C’est un mauvais analyste, car son imagination de romancier prend parfois le dessus sur les exigences d’objectivité dont doit se prévaloir tout analyste qui se respecte. Mais il reste un bon connaisseur de la politique et de la diplomatie telles que pratiquées dans le monde arabe. C’est aussi un mégalomane, comme le sont du reste la plupart des politiques. Ambitieux, il a peut-être présumé de ses chances d’accéder à la magistrature suprême et a voulu accélérer la marche, trompé par les sondages d’opinion qui le donnaient dans le trio de tête des présidentiables avec Kaïs Saïed, le président sortant candidat à sa propre succession, et Abir Moussi, la présidente du Parti destourien libre (PDL), incarcérée depuis je 3 octobre 2023.

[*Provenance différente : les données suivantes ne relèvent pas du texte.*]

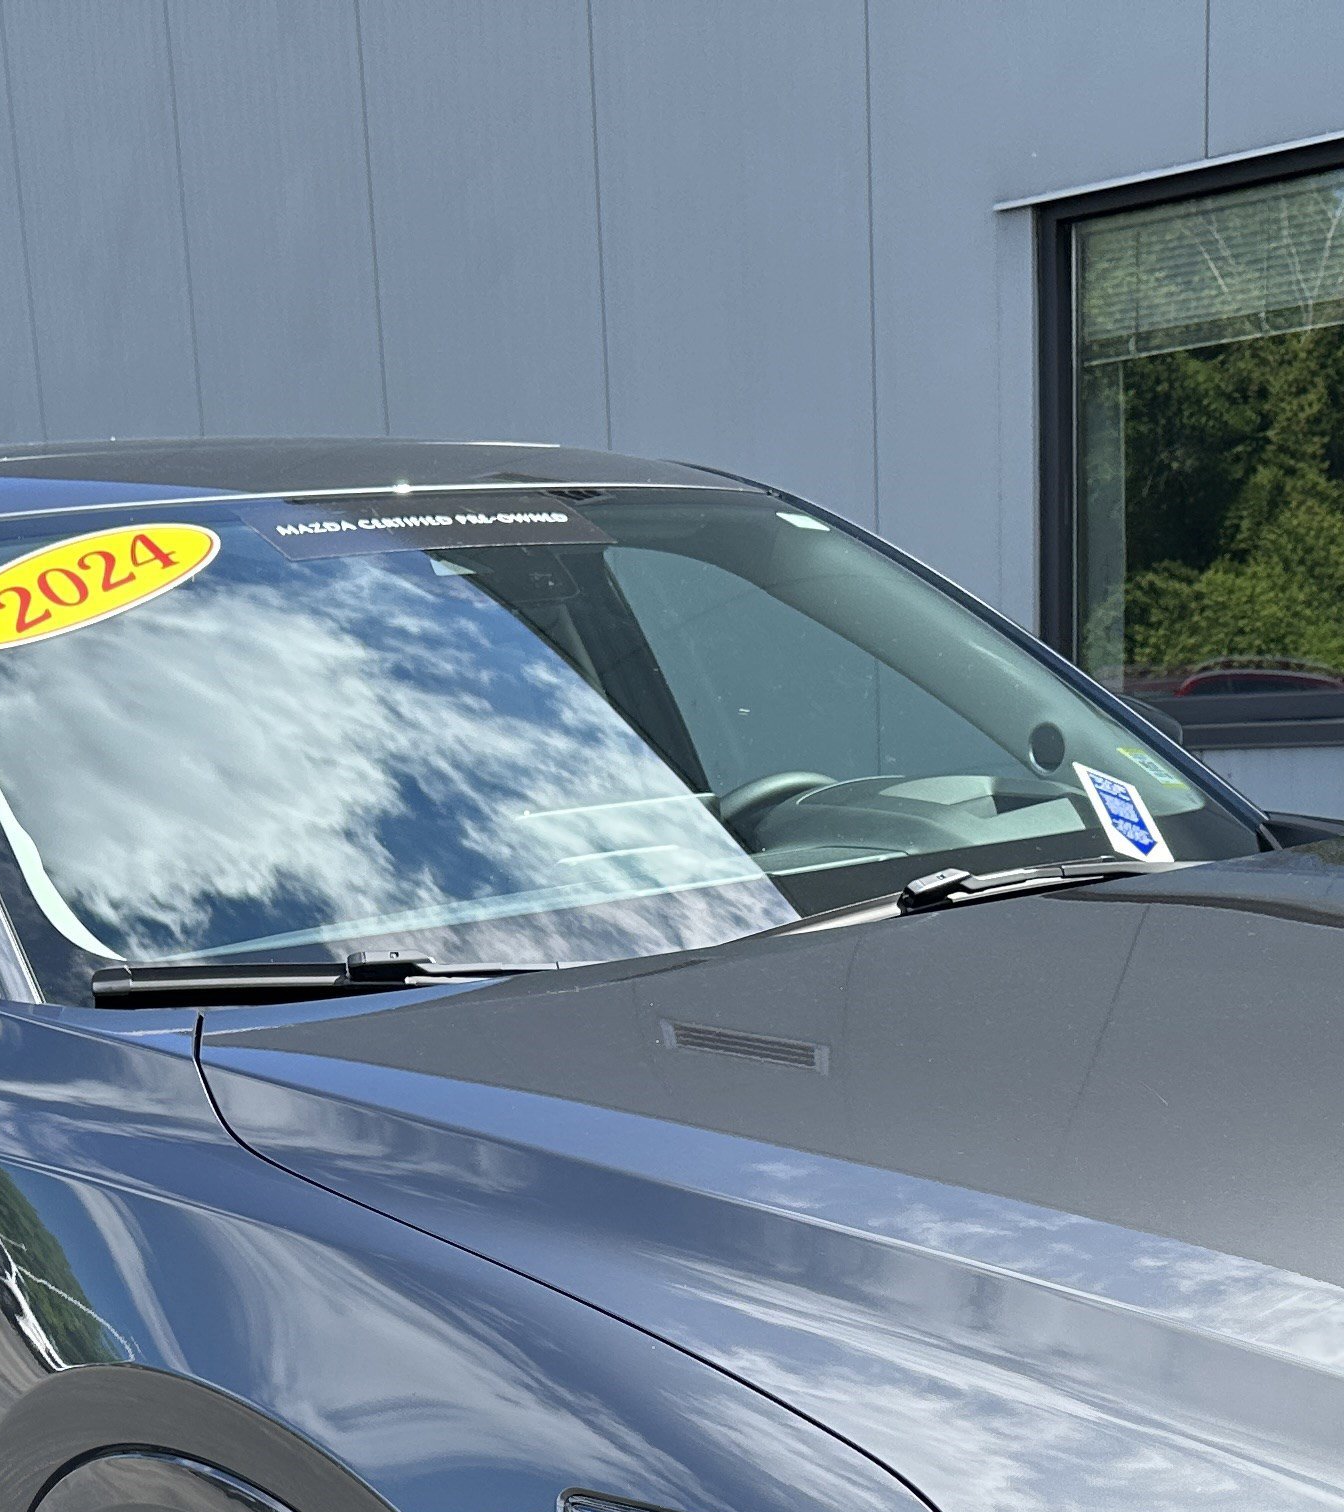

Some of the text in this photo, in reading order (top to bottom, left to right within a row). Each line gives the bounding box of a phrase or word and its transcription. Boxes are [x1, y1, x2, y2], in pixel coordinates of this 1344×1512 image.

J’avoue avoir souvent pris mes distances vis-à-vis de mon collègue, car j’avais peu d’estime pour certaines de ses pratiques, notamment sa proximité intéressée avec certains régimes dictatoriaux arabes et son amitié avec certains personnages troubles de la scène tunisienne comme l’homme d’affaires Chafik Jarraya, en prison, ou Nabil Karoui, en fuite, au service desquels il mit d’ailleurs son précieux carnet d’adresses libyennes, mais, en ce moment difficile qu’il traverse, je ne peux que lui souhaiter une issue la plus positive possible au drame qu’il vit depuis hier. Le mieux qui puisse lui arriver, à 70 ans, est de retrouver rapidement la liberté, et de revenir à sa vocation première, celle du romancier dont les œuvres sont inspirées du bruit et de la fureur de l’histoire en train de se faire.
* A propos des liens entre Safi Saïd et l’affaire de Gafsa, le principal concerné n’a pas cherché à dissiper ce qui, selon certains, ferait partie du mythe plus que de la réalité. Selon ces derniers, Saïd avait quitté la Tunisie pour l’Algérie deux ou trois ans avant l’attaque de Gafsa. Dont acte.